Parsons attributes much of his success in business to his time spent in the Marine Corps.
“”Because of the Marine Corps, I learned how to focus. They taught me how to handle responsibility and they taught me how to carry out responsibility,” Parsons told Entrepreneur.com. “They taught me discipline.”
Bill Porter, E-Trade
Online trading pioneer Bill Porter was 40 by the time he started his first company, Commercial Electronics, in 1968. Porter sold that company to Warner Communications, but much of the technology he developed there is still in use today. Porter’s big break came in 1980, when he met Bernie Newcomb at a party in Palo Alto, California, and sold him on the idea of online stock trading. Together the pair founded E-Trade in 1982, when Porter was 54. Porter still hadn’t had his fill of entrepreneurship with E-Trade, and in 2000 at the age of 72, Porter founded International Securities Exchange, the first completely electronic options exchange in the country.
When asked about the desire to launch a new exchange past 70, Porter told CNN in a 2000 interview that he felt the need to boost the U.S. markets’ competitiveness on the world stage. When asked about his intelligence, Porter responded humbly.

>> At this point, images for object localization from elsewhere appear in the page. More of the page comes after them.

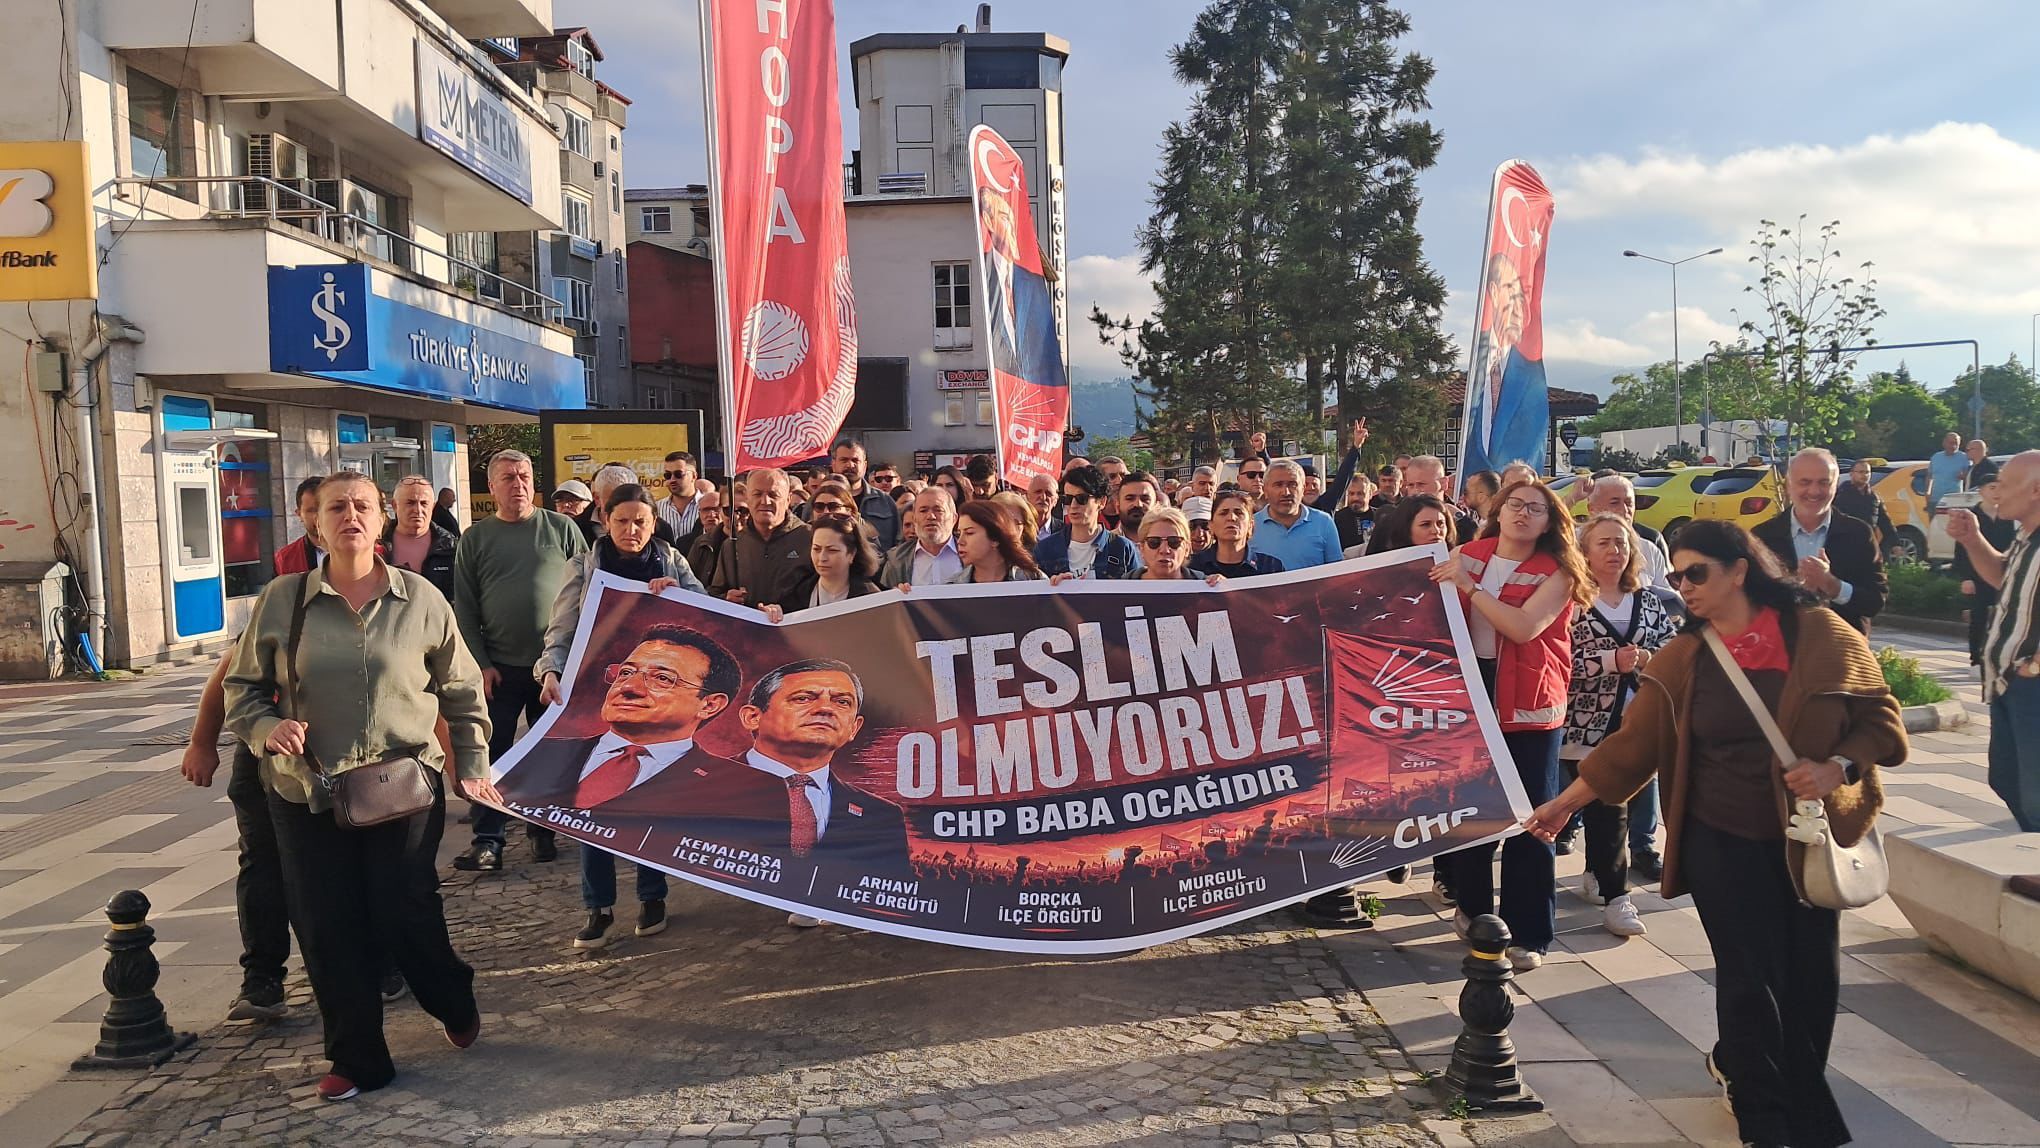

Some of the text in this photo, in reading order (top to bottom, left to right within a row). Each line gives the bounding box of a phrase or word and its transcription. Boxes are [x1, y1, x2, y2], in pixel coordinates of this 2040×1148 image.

[466, 90, 520, 165] METEN
[755, 0, 805, 244] HOPA
[0, 250, 58, 268] fBank
[409, 328, 469, 372] TÜRKİYE
[481, 352, 530, 385] BANKASI
[1009, 423, 1062, 453] CHP
[915, 605, 1243, 724] TESLİM
[1369, 705, 1467, 730] CHP
[895, 675, 1321, 800] OLMUYORUZ!
[1400, 760, 1437, 769] CHP
[933, 764, 1300, 838] CHP BABA OCAĞIDIR
[548, 810, 617, 839] ÖRGÜTÜ
[1393, 806, 1479, 849] CHP
[672, 846, 781, 883] İLÇE ÖRGÜTÜ
[680, 836, 782, 869] KEMALPAŞA
[859, 875, 919, 895] ARHAVİ
[1163, 876, 1267, 914] İLÇE ÖRGÜTÜ
[1178, 868, 1247, 893] MURGUL
[837, 885, 939, 914] İLÇE ÖRGÜTÜ
[1019, 892, 1082, 908] BORÇKA
[998, 906, 1102, 925] İLÇE ÖRGÜTÜ

“You know, I think I’m fairly normal. Probably the difference is in my approach to things and just, you know, if there’s something to be done, you do it,” he told CNN.
Porter died in 2015.
Thomas Siebel, Siebel Systems
After a career as an executive at major technology companies, including Oracle, Thomas Siebel struck out to start his own. At 41, he founded Siebel Systems, a customer relationship management software company acquired by Oracle for more than $5 billion in 2005.
After Oracle’s buyout, Siebel moved onto try his hand again at entrepreneurship. He founded energy company C3 in 2009, when he was in his late 50s. Siebel later relaunched it as C3 IoT, an internet of things-focused company that helps customers ingest and analyze data coming in from IoT sensors.
In his business ventures, Siebel was said to surround himself with older, more experienced workers, much like himself.
“We have a number of tried, tested and proven professionals with whom I’ve worked for many decades. Some go back to my Gain days in the 1990s, others to Siebel Systems,” Siebel told Forbes in an interview.
“The group I’ve traveled with has built some pretty successful companies. And I believe we’ve added another one,” he said.